EXERCISE OBJECTIVE:
Reproduce the listing exactly, keeping every word as it is.

━━━

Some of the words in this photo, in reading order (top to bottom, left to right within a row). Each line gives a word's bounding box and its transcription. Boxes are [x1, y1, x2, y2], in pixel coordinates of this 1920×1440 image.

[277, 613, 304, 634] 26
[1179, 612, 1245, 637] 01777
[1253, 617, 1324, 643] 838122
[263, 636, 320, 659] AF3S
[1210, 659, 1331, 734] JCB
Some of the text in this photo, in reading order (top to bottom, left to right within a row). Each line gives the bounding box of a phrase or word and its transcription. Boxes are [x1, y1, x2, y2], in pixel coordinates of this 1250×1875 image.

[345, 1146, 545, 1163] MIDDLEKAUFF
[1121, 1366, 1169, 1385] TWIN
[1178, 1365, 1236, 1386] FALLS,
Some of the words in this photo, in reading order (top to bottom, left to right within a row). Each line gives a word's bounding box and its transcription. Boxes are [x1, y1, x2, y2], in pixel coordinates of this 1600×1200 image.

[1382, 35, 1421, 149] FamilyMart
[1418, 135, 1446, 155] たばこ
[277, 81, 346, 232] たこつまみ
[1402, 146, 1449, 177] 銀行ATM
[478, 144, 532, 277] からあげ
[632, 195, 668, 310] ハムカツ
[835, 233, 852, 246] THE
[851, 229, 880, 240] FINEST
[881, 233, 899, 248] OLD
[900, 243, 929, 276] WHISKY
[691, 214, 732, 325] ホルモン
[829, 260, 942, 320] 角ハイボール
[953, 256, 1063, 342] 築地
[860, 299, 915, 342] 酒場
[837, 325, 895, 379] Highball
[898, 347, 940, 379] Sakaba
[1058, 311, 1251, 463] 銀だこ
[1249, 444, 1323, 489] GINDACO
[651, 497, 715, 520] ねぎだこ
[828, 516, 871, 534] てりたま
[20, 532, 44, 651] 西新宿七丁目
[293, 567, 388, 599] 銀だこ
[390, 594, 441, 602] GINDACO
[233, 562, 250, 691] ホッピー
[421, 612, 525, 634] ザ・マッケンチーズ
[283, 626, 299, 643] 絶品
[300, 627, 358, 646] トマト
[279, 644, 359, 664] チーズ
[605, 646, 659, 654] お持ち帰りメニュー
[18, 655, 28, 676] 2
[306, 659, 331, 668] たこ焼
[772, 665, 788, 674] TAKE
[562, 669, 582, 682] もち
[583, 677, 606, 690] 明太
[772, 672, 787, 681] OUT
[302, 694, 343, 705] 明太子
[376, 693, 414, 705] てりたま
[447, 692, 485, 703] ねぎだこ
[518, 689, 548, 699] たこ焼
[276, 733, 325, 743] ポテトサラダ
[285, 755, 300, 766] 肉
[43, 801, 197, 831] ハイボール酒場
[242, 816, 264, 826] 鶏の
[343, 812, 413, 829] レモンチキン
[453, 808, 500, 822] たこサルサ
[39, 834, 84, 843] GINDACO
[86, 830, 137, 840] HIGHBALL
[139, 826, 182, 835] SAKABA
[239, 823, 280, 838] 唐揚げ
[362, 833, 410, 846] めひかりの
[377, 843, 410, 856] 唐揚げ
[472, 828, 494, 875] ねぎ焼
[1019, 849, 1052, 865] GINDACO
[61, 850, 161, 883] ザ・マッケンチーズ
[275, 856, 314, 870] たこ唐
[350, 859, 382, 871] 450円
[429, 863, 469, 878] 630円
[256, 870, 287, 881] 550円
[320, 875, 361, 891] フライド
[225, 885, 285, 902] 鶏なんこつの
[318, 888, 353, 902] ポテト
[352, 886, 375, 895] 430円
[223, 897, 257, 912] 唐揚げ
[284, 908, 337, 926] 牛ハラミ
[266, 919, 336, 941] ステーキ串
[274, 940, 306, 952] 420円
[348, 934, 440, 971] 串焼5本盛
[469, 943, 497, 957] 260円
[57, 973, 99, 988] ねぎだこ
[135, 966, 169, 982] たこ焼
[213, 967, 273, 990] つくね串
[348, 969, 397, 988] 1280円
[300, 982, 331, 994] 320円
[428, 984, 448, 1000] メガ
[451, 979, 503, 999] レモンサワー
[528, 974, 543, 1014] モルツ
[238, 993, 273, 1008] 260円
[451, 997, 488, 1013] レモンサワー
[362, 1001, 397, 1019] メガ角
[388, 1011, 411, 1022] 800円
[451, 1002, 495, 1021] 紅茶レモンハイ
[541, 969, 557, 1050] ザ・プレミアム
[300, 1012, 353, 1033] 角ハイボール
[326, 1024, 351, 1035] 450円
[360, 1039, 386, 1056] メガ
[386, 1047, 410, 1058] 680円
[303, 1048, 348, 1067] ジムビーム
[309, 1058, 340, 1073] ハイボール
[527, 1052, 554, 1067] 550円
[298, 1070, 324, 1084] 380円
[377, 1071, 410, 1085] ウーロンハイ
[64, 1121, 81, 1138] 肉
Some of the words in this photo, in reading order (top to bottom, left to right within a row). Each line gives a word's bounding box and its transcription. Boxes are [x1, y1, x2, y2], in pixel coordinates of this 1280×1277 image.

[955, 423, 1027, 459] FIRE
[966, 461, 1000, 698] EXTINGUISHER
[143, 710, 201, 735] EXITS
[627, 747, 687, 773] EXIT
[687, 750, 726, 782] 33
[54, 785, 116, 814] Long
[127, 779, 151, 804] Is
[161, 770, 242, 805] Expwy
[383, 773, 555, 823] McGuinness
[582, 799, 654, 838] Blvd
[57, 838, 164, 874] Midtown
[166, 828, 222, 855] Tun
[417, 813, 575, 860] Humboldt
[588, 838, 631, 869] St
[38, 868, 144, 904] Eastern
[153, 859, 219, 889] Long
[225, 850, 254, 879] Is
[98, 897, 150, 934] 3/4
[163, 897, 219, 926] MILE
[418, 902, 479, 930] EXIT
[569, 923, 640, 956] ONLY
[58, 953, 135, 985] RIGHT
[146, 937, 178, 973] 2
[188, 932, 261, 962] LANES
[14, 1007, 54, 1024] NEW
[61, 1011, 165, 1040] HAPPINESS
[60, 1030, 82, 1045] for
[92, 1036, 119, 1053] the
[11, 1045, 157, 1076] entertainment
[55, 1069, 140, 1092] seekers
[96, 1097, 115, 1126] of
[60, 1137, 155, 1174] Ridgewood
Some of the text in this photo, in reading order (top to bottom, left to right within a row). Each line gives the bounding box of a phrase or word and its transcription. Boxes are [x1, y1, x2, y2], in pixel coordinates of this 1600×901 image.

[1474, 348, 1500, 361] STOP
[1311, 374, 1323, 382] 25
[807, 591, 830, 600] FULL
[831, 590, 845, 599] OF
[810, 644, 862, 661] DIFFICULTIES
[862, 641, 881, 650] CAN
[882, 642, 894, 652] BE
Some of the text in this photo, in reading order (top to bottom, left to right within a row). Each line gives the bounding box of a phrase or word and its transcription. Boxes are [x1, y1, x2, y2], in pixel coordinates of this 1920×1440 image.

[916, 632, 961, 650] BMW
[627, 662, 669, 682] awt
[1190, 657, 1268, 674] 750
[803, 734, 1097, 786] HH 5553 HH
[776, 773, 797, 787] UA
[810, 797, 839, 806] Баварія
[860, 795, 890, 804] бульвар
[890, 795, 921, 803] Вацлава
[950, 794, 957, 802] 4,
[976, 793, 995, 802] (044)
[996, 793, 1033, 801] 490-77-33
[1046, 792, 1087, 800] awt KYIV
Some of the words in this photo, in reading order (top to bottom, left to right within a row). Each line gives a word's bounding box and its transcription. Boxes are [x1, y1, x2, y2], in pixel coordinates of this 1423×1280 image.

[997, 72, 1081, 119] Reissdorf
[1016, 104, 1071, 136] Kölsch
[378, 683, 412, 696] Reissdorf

━━━

RESULT OF THE EXERCISE:
Some of the words in this photo, in reading order (top to bottom, left to right within a row). Each line gives a word's bounding box and its transcription. Boxes are [x1, y1, x2, y2], in pixel coordinates of this 1920×1440 image.

[277, 613, 304, 634] 26
[1179, 612, 1245, 637] 01777
[1253, 617, 1324, 643] 838122
[263, 636, 320, 659] AF3S
[1210, 659, 1331, 734] JCB
Some of the text in this photo, in reading order (top to bottom, left to right within a row). Each line gives the bounding box of a phrase or word and its transcription. Boxes are [x1, y1, x2, y2], in pixel coordinates of this 1250×1875 image.

[345, 1146, 545, 1163] MIDDLEKAUFF
[1121, 1366, 1169, 1385] TWIN
[1178, 1365, 1236, 1386] FALLS,
Some of the words in this photo, in reading order (top to bottom, left to right within a row). Each line gives a word's bounding box and its transcription. Boxes are [x1, y1, x2, y2], in pixel coordinates of this 1600×1200 image.

[1382, 35, 1421, 149] FamilyMart
[1418, 135, 1446, 155] たばこ
[277, 81, 346, 232] たこつまみ
[1402, 146, 1449, 177] 銀行ATM
[478, 144, 532, 277] からあげ
[632, 195, 668, 310] ハムカツ
[835, 233, 852, 246] THE
[851, 229, 880, 240] FINEST
[881, 233, 899, 248] OLD
[900, 243, 929, 276] WHISKY
[691, 214, 732, 325] ホルモン
[829, 260, 942, 320] 角ハイボール
[953, 256, 1063, 342] 築地
[860, 299, 915, 342] 酒場
[837, 325, 895, 379] Highball
[898, 347, 940, 379] Sakaba
[1058, 311, 1251, 463] 銀だこ
[1249, 444, 1323, 489] GINDACO
[651, 497, 715, 520] ねぎだこ
[828, 516, 871, 534] てりたま
[20, 532, 44, 651] 西新宿七丁目
[293, 567, 388, 599] 銀だこ
[390, 594, 441, 602] GINDACO
[233, 562, 250, 691] ホッピー
[421, 612, 525, 634] ザ・マッケンチーズ
[283, 626, 299, 643] 絶品
[300, 627, 358, 646] トマト
[279, 644, 359, 664] チーズ
[605, 646, 659, 654] お持ち帰りメニュー
[18, 655, 28, 676] 2
[306, 659, 331, 668] たこ焼
[772, 665, 788, 674] TAKE
[562, 669, 582, 682] もち
[583, 677, 606, 690] 明太
[772, 672, 787, 681] OUT
[302, 694, 343, 705] 明太子
[376, 693, 414, 705] てりたま
[447, 692, 485, 703] ねぎだこ
[518, 689, 548, 699] たこ焼
[276, 733, 325, 743] ポテトサラダ
[285, 755, 300, 766] 肉
[43, 801, 197, 831] ハイボール酒場
[242, 816, 264, 826] 鶏の
[343, 812, 413, 829] レモンチキン
[453, 808, 500, 822] たこサルサ
[39, 834, 84, 843] GINDACO
[86, 830, 137, 840] HIGHBALL
[139, 826, 182, 835] SAKABA
[239, 823, 280, 838] 唐揚げ
[362, 833, 410, 846] めひかりの
[377, 843, 410, 856] 唐揚げ
[472, 828, 494, 875] ねぎ焼
[1019, 849, 1052, 865] GINDACO
[61, 850, 161, 883] ザ・マッケンチーズ
[275, 856, 314, 870] たこ唐
[350, 859, 382, 871] 450円
[429, 863, 469, 878] 630円
[256, 870, 287, 881] 550円
[320, 875, 361, 891] フライド
[225, 885, 285, 902] 鶏なんこつの
[318, 888, 353, 902] ポテト
[352, 886, 375, 895] 430円
[223, 897, 257, 912] 唐揚げ
[284, 908, 337, 926] 牛ハラミ
[266, 919, 336, 941] ステーキ串
[274, 940, 306, 952] 420円
[348, 934, 440, 971] 串焼5本盛
[469, 943, 497, 957] 260円
[57, 973, 99, 988] ねぎだこ
[135, 966, 169, 982] たこ焼
[213, 967, 273, 990] つくね串
[348, 969, 397, 988] 1280円
[300, 982, 331, 994] 320円
[428, 984, 448, 1000] メガ
[451, 979, 503, 999] レモンサワー
[528, 974, 543, 1014] モルツ
[238, 993, 273, 1008] 260円
[451, 997, 488, 1013] レモンサワー
[362, 1001, 397, 1019] メガ角
[388, 1011, 411, 1022] 800円
[451, 1002, 495, 1021] 紅茶レモンハイ
[541, 969, 557, 1050] ザ・プレミアム
[300, 1012, 353, 1033] 角ハイボール
[326, 1024, 351, 1035] 450円
[360, 1039, 386, 1056] メガ
[386, 1047, 410, 1058] 680円
[303, 1048, 348, 1067] ジムビーム
[309, 1058, 340, 1073] ハイボール
[527, 1052, 554, 1067] 550円
[298, 1070, 324, 1084] 380円
[377, 1071, 410, 1085] ウーロンハイ
[64, 1121, 81, 1138] 肉
Some of the words in this photo, in reading order (top to bottom, left to right within a row). Each line gives a word's bounding box and its transcription. Boxes are [x1, y1, x2, y2], in pixel coordinates of this 1280×1277 image.

[955, 423, 1027, 459] FIRE
[966, 461, 1000, 698] EXTINGUISHER
[143, 710, 201, 735] EXITS
[627, 747, 687, 773] EXIT
[687, 750, 726, 782] 33
[54, 785, 116, 814] Long
[127, 779, 151, 804] Is
[161, 770, 242, 805] Expwy
[383, 773, 555, 823] McGuinness
[582, 799, 654, 838] Blvd
[57, 838, 164, 874] Midtown
[166, 828, 222, 855] Tun
[417, 813, 575, 860] Humboldt
[588, 838, 631, 869] St
[38, 868, 144, 904] Eastern
[153, 859, 219, 889] Long
[225, 850, 254, 879] Is
[98, 897, 150, 934] 3/4
[163, 897, 219, 926] MILE
[418, 902, 479, 930] EXIT
[569, 923, 640, 956] ONLY
[58, 953, 135, 985] RIGHT
[146, 937, 178, 973] 2
[188, 932, 261, 962] LANES
[14, 1007, 54, 1024] NEW
[61, 1011, 165, 1040] HAPPINESS
[60, 1030, 82, 1045] for
[92, 1036, 119, 1053] the
[11, 1045, 157, 1076] entertainment
[55, 1069, 140, 1092] seekers
[96, 1097, 115, 1126] of
[60, 1137, 155, 1174] Ridgewood
Some of the text in this photo, in reading order (top to bottom, left to right within a row). Each line gives the bounding box of a phrase or word and its transcription. Boxes are [x1, y1, x2, y2], in pixel coordinates of this 1600×901 image.

[1474, 348, 1500, 361] STOP
[1311, 374, 1323, 382] 25
[807, 591, 830, 600] FULL
[831, 590, 845, 599] OF
[810, 644, 862, 661] DIFFICULTIES
[862, 641, 881, 650] CAN
[882, 642, 894, 652] BE
Some of the text in this photo, in reading order (top to bottom, left to right within a row). Each line gives the bounding box of a phrase or word and its transcription. Boxes are [x1, y1, x2, y2], in pixel coordinates of this 1920×1440 image.

[916, 632, 961, 650] BMW
[627, 662, 669, 682] awt
[1190, 657, 1268, 674] 750
[803, 734, 1097, 786] HH 5553 HH
[776, 773, 797, 787] UA
[810, 797, 839, 806] Баварія
[860, 795, 890, 804] бульвар
[890, 795, 921, 803] Вацлава
[950, 794, 957, 802] 4,
[976, 793, 995, 802] (044)
[996, 793, 1033, 801] 490-77-33
[1046, 792, 1087, 800] awt KYIV
Some of the words in this photo, in reading order (top to bottom, left to right within a row). Each line gives a word's bounding box and its transcription. Boxes are [x1, y1, x2, y2], in pixel coordinates of this 1423×1280 image.

[997, 72, 1081, 119] Reissdorf
[1016, 104, 1071, 136] Kölsch
[378, 683, 412, 696] Reissdorf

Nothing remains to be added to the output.